EXERCISE INSTRUCTIONS:
The answer must be an exact restatement of all the data.

■ ■ ■

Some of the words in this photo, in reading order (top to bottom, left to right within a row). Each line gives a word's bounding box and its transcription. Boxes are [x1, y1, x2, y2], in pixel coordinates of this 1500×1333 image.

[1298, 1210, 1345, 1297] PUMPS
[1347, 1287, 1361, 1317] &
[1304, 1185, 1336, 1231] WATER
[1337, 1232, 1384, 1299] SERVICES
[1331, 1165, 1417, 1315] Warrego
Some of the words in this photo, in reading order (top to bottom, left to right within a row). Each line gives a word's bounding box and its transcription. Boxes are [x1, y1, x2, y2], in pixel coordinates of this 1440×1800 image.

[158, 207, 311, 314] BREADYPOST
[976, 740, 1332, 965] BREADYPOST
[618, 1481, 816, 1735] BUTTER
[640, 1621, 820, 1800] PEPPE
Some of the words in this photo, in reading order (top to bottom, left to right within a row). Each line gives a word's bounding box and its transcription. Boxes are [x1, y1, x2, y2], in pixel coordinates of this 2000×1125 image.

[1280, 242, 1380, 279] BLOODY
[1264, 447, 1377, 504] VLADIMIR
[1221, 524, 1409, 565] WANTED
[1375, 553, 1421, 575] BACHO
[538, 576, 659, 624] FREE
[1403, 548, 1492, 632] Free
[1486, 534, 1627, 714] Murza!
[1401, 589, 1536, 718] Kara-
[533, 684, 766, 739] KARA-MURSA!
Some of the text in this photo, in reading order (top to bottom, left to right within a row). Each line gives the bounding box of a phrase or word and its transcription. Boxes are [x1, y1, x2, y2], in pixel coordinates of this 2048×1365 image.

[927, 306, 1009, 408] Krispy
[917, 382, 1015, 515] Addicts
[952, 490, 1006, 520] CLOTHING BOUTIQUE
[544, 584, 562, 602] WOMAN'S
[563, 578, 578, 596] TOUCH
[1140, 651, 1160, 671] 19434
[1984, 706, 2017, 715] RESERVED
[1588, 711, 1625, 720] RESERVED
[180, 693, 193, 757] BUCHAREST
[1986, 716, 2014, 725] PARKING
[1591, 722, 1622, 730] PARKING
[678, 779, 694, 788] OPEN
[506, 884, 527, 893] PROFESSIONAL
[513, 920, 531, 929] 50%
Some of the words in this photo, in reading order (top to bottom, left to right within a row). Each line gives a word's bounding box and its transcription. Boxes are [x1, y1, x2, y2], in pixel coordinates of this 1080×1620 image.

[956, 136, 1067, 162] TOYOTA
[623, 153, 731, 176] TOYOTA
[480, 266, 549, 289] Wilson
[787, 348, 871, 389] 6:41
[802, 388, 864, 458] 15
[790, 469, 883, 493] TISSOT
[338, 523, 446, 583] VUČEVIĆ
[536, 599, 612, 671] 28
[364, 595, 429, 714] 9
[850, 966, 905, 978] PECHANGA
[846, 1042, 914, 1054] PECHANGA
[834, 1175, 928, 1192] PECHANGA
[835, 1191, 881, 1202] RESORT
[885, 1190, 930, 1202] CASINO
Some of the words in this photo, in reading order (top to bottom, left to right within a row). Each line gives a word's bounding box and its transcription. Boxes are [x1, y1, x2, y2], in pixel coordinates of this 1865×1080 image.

■ ■ ■

RESPONSE BELOW:
Some of the words in this photo, in reading order (top to bottom, left to right within a row). Each line gives a word's bounding box and its transcription. Boxes are [x1, y1, x2, y2], in pixel coordinates of this 1500×1333 image.

[1298, 1210, 1345, 1297] PUMPS
[1347, 1287, 1361, 1317] &
[1304, 1185, 1336, 1231] WATER
[1337, 1232, 1384, 1299] SERVICES
[1331, 1165, 1417, 1315] Warrego
Some of the words in this photo, in reading order (top to bottom, left to right within a row). Each line gives a word's bounding box and its transcription. Boxes are [x1, y1, x2, y2], in pixel coordinates of this 1440×1800 image.

[158, 207, 311, 314] BREADYPOST
[976, 740, 1332, 965] BREADYPOST
[618, 1481, 816, 1735] BUTTER
[640, 1621, 820, 1800] PEPPE
Some of the words in this photo, in reading order (top to bottom, left to right within a row). Each line gives a word's bounding box and its transcription. Boxes are [x1, y1, x2, y2], in pixel coordinates of this 2000×1125 image.

[1280, 242, 1380, 279] BLOODY
[1264, 447, 1377, 504] VLADIMIR
[1221, 524, 1409, 565] WANTED
[1375, 553, 1421, 575] BACHO
[538, 576, 659, 624] FREE
[1403, 548, 1492, 632] Free
[1486, 534, 1627, 714] Murza!
[1401, 589, 1536, 718] Kara-
[533, 684, 766, 739] KARA-MURSA!
Some of the text in this photo, in reading order (top to bottom, left to right within a row). Each line gives the bounding box of a phrase or word and its transcription. Boxes are [x1, y1, x2, y2], in pixel coordinates of this 2048×1365 image.

[927, 306, 1009, 408] Krispy
[917, 382, 1015, 515] Addicts
[952, 490, 1006, 520] CLOTHING BOUTIQUE
[544, 584, 562, 602] WOMAN'S
[563, 578, 578, 596] TOUCH
[1140, 651, 1160, 671] 19434
[1984, 706, 2017, 715] RESERVED
[1588, 711, 1625, 720] RESERVED
[180, 693, 193, 757] BUCHAREST
[1986, 716, 2014, 725] PARKING
[1591, 722, 1622, 730] PARKING
[678, 779, 694, 788] OPEN
[506, 884, 527, 893] PROFESSIONAL
[513, 920, 531, 929] 50%
Some of the words in this photo, in reading order (top to bottom, left to right within a row). Each line gives a word's bounding box and its transcription. Boxes are [x1, y1, x2, y2], in pixel coordinates of this 1080×1620 image.

[956, 136, 1067, 162] TOYOTA
[623, 153, 731, 176] TOYOTA
[480, 266, 549, 289] Wilson
[787, 348, 871, 389] 6:41
[802, 388, 864, 458] 15
[790, 469, 883, 493] TISSOT
[338, 523, 446, 583] VUČEVIĆ
[536, 599, 612, 671] 28
[364, 595, 429, 714] 9
[850, 966, 905, 978] PECHANGA
[846, 1042, 914, 1054] PECHANGA
[834, 1175, 928, 1192] PECHANGA
[835, 1191, 881, 1202] RESORT
[885, 1190, 930, 1202] CASINO
Some of the words in this photo, in reading order (top to bottom, left to right within a row). Each line gives a word's bounding box and its transcription. Boxes are [x1, y1, x2, y2], in pixel coordinates of this 1865×1080 image.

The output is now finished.